__Data supplied__.
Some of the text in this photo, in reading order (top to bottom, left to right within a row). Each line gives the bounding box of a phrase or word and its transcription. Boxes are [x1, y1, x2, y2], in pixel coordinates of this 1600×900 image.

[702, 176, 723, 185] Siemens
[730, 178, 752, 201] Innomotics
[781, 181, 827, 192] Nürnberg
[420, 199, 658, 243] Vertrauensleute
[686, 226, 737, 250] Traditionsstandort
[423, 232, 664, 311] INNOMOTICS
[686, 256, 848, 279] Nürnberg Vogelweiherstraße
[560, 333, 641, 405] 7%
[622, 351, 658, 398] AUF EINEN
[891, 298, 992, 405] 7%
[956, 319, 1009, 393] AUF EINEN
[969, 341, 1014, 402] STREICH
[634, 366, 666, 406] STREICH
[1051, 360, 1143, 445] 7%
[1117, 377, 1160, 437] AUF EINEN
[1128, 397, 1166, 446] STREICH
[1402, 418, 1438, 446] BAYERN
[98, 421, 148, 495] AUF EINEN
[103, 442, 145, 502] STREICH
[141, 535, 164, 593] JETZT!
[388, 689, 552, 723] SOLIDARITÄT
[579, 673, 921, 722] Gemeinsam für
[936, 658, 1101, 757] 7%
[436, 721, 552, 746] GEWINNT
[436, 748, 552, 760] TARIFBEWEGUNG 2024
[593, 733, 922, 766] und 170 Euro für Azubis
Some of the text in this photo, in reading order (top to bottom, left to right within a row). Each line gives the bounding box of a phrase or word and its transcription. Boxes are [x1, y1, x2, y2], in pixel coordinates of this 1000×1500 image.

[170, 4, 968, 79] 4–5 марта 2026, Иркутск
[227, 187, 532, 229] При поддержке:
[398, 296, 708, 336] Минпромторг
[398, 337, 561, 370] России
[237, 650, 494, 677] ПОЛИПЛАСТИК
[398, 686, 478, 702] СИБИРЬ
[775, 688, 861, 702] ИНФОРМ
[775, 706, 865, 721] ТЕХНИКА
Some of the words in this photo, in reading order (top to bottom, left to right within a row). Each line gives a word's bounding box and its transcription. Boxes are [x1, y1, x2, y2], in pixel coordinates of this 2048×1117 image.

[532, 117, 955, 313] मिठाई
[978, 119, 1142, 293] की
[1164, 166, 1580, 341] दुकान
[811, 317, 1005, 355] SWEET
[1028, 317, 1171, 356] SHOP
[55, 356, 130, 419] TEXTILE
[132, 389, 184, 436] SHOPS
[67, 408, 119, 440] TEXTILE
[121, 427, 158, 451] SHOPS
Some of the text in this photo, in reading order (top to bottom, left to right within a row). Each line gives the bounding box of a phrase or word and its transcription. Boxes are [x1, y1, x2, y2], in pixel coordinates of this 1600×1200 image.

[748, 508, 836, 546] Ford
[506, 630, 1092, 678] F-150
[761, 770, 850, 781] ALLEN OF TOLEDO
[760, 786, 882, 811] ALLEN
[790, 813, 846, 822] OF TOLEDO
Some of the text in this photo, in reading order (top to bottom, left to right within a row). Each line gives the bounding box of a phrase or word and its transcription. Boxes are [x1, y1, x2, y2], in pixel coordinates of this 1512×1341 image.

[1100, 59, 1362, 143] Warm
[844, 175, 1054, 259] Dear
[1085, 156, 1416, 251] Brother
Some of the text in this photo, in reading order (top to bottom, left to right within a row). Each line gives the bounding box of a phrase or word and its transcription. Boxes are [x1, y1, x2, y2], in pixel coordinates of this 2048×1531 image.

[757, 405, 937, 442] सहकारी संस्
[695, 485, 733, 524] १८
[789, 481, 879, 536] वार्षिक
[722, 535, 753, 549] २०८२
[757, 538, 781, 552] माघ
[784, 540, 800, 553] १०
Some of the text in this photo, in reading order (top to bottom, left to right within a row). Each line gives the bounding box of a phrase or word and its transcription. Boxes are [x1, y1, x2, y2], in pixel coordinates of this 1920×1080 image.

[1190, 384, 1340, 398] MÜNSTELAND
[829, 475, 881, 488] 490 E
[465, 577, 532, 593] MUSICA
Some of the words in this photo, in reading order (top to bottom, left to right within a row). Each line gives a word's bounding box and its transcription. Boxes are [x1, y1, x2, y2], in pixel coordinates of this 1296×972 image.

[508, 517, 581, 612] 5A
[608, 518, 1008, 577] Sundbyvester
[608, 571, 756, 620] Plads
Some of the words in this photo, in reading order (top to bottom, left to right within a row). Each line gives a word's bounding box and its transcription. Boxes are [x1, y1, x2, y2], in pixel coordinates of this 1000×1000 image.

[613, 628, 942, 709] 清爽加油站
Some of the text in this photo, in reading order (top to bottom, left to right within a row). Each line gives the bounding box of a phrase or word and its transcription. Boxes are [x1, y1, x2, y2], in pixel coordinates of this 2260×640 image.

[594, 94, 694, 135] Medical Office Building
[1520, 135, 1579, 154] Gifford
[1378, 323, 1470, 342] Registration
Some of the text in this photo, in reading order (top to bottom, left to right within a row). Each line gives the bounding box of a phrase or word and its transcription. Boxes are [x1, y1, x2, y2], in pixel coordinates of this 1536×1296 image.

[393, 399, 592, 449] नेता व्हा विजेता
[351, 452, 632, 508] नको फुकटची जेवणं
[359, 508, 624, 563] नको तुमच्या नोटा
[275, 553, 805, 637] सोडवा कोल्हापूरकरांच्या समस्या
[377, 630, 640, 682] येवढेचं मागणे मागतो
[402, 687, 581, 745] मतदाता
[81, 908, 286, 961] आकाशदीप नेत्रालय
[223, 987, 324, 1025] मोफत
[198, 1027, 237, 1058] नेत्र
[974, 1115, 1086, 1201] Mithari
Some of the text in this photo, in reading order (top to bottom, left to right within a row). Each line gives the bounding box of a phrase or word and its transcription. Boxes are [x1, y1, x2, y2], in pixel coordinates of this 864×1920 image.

__Assignment__. Reproduce the entire listing. Keep every word as it is.

__Output for this task__.
Some of the text in this photo, in reading order (top to bottom, left to right within a row). Each line gives the bounding box of a phrase or word and its transcription. Boxes are [x1, y1, x2, y2], in pixel coordinates of this 1600×900 image.

[702, 176, 723, 185] Siemens
[730, 178, 752, 201] Innomotics
[781, 181, 827, 192] Nürnberg
[420, 199, 658, 243] Vertrauensleute
[686, 226, 737, 250] Traditionsstandort
[423, 232, 664, 311] INNOMOTICS
[686, 256, 848, 279] Nürnberg Vogelweiherstraße
[560, 333, 641, 405] 7%
[622, 351, 658, 398] AUF EINEN
[891, 298, 992, 405] 7%
[956, 319, 1009, 393] AUF EINEN
[969, 341, 1014, 402] STREICH
[634, 366, 666, 406] STREICH
[1051, 360, 1143, 445] 7%
[1117, 377, 1160, 437] AUF EINEN
[1128, 397, 1166, 446] STREICH
[1402, 418, 1438, 446] BAYERN
[98, 421, 148, 495] AUF EINEN
[103, 442, 145, 502] STREICH
[141, 535, 164, 593] JETZT!
[388, 689, 552, 723] SOLIDARITÄT
[579, 673, 921, 722] Gemeinsam für
[936, 658, 1101, 757] 7%
[436, 721, 552, 746] GEWINNT
[436, 748, 552, 760] TARIFBEWEGUNG 2024
[593, 733, 922, 766] und 170 Euro für Azubis
Some of the text in this photo, in reading order (top to bottom, left to right within a row). Each line gives the bounding box of a phrase or word and its transcription. Boxes are [x1, y1, x2, y2], in pixel coordinates of this 1000×1500 image.

[170, 4, 968, 79] 4–5 марта 2026, Иркутск
[227, 187, 532, 229] При поддержке:
[398, 296, 708, 336] Минпромторг
[398, 337, 561, 370] России
[237, 650, 494, 677] ПОЛИПЛАСТИК
[398, 686, 478, 702] СИБИРЬ
[775, 688, 861, 702] ИНФОРМ
[775, 706, 865, 721] ТЕХНИКА
Some of the words in this photo, in reading order (top to bottom, left to right within a row). Each line gives a word's bounding box and its transcription. Boxes are [x1, y1, x2, y2], in pixel coordinates of this 2048×1117 image.

[532, 117, 955, 313] मिठाई
[978, 119, 1142, 293] की
[1164, 166, 1580, 341] दुकान
[811, 317, 1005, 355] SWEET
[1028, 317, 1171, 356] SHOP
[55, 356, 130, 419] TEXTILE
[132, 389, 184, 436] SHOPS
[67, 408, 119, 440] TEXTILE
[121, 427, 158, 451] SHOPS
Some of the text in this photo, in reading order (top to bottom, left to right within a row). Each line gives the bounding box of a phrase or word and its transcription. Boxes are [x1, y1, x2, y2], in pixel coordinates of this 1600×1200 image.

[748, 508, 836, 546] Ford
[506, 630, 1092, 678] F-150
[761, 770, 850, 781] ALLEN OF TOLEDO
[760, 786, 882, 811] ALLEN
[790, 813, 846, 822] OF TOLEDO
Some of the text in this photo, in reading order (top to bottom, left to right within a row). Each line gives the bounding box of a phrase or word and its transcription. Boxes are [x1, y1, x2, y2], in pixel coordinates of this 1512×1341 image.

[1100, 59, 1362, 143] Warm
[844, 175, 1054, 259] Dear
[1085, 156, 1416, 251] Brother
Some of the text in this photo, in reading order (top to bottom, left to right within a row). Each line gives the bounding box of a phrase or word and its transcription. Boxes are [x1, y1, x2, y2], in pixel coordinates of this 2048×1531 image.

[757, 405, 937, 442] सहकारी संस्
[695, 485, 733, 524] १८
[789, 481, 879, 536] वार्षिक
[722, 535, 753, 549] २०८२
[757, 538, 781, 552] माघ
[784, 540, 800, 553] १०
Some of the text in this photo, in reading order (top to bottom, left to right within a row). Each line gives the bounding box of a phrase or word and its transcription. Boxes are [x1, y1, x2, y2], in pixel coordinates of this 1920×1080 image.

[1190, 384, 1340, 398] MÜNSTELAND
[829, 475, 881, 488] 490 E
[465, 577, 532, 593] MUSICA
Some of the words in this photo, in reading order (top to bottom, left to right within a row). Each line gives a word's bounding box and its transcription. Boxes are [x1, y1, x2, y2], in pixel coordinates of this 1296×972 image.

[508, 517, 581, 612] 5A
[608, 518, 1008, 577] Sundbyvester
[608, 571, 756, 620] Plads
Some of the words in this photo, in reading order (top to bottom, left to right within a row). Each line gives a word's bounding box and its transcription. Boxes are [x1, y1, x2, y2], in pixel coordinates of this 1000×1000 image.

[613, 628, 942, 709] 清爽加油站
Some of the text in this photo, in reading order (top to bottom, left to right within a row). Each line gives the bounding box of a phrase or word and its transcription. Boxes are [x1, y1, x2, y2], in pixel coordinates of this 2260×640 image.

[594, 94, 694, 135] Medical Office Building
[1520, 135, 1579, 154] Gifford
[1378, 323, 1470, 342] Registration
Some of the text in this photo, in reading order (top to bottom, left to right within a row). Each line gives the bounding box of a phrase or word and its transcription. Boxes are [x1, y1, x2, y2], in pixel coordinates of this 1536×1296 image.

[393, 399, 592, 449] नेता व्हा विजेता
[351, 452, 632, 508] नको फुकटची जेवणं
[359, 508, 624, 563] नको तुमच्या नोटा
[275, 553, 805, 637] सोडवा कोल्हापूरकरांच्या समस्या
[377, 630, 640, 682] येवढेचं मागणे मागतो
[402, 687, 581, 745] मतदाता
[81, 908, 286, 961] आकाशदीप नेत्रालय
[223, 987, 324, 1025] मोफत
[198, 1027, 237, 1058] नेत्र
[974, 1115, 1086, 1201] Mithari
Some of the text in this photo, in reading order (top to bottom, left to right within a row). Each line gives the bounding box of a phrase or word and its transcription. Boxes are [x1, y1, x2, y2], in pixel coordinates of this 864×1920 image.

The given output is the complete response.